I have the collation of my tables set properly, and I'm temporarily using the query SET NAMES utf8 to override the my.cnf file.

My question is — there are a ton of character set and collation variables in my.cnf, and I suspect that some ought to be left alone... which ones should I change to achieve the effect of SET NAMES utf8?

(The collation of my tables is utf8_unicode_ci.)

character_set_client | latin1 |
character_set_connection | latin1 |
character_set_database | latin1 |
character_set_filesystem | binary |
character_set_results | latin1 |
character_set_server | latin1 |
character_set_system | utf8 |

collation_connection | latin1_swedish_ci |
collation_database | latin1_swedish_ci |
collation_server | latin1_swedish_ci |
JKS
  • 3,710
  • 2
  • 29
  • 40
  • Character set and collation are not the same thing just to let you know.
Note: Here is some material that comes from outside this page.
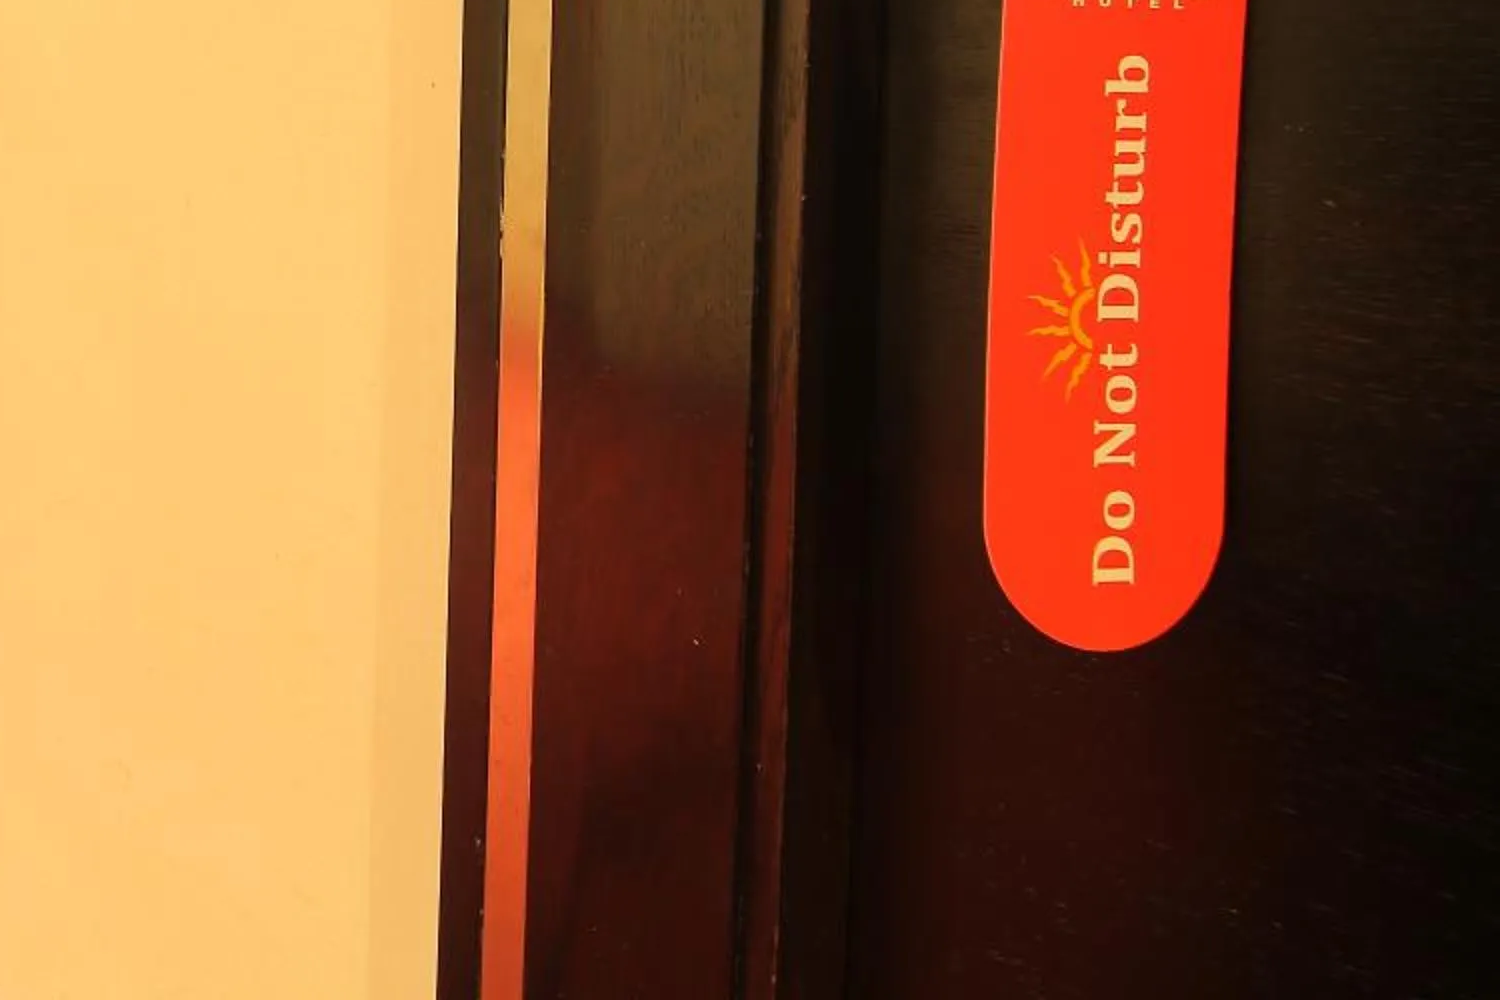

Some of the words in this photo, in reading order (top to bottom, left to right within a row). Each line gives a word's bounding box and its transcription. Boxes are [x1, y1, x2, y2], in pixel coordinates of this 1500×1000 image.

MySQL defaults to a collation of `latin1_swedish_ci` and a characters set of `UTF-8`. Check this question for a good description between the two http://stackoverflow.com/questions/341273/what-does-character-set-and-collation-mean-exactly – ubiquibacon Jul 28 '10 at 22:06
  • Relative answer is [here](http://stackoverflow.com/questions/3513773/change-mysql-default-character-set-to-utf8-in-my-cnf/3513812#3513812). – dma_k Nov 10 '11 at 11:17

1 Answers1

0

Well, collation is primarily for sorting, so unless you're storing a lnaguage with specific sorting needs, utf8_unicode_ci should be fine.

The character_set_* values are used for all other string operations internally - value checks in places like WHERE clauses or IF/CASE statement, string functions like CHAR_LENGTH(), REPLACE(), SUBSTRING() - that sort of stuff.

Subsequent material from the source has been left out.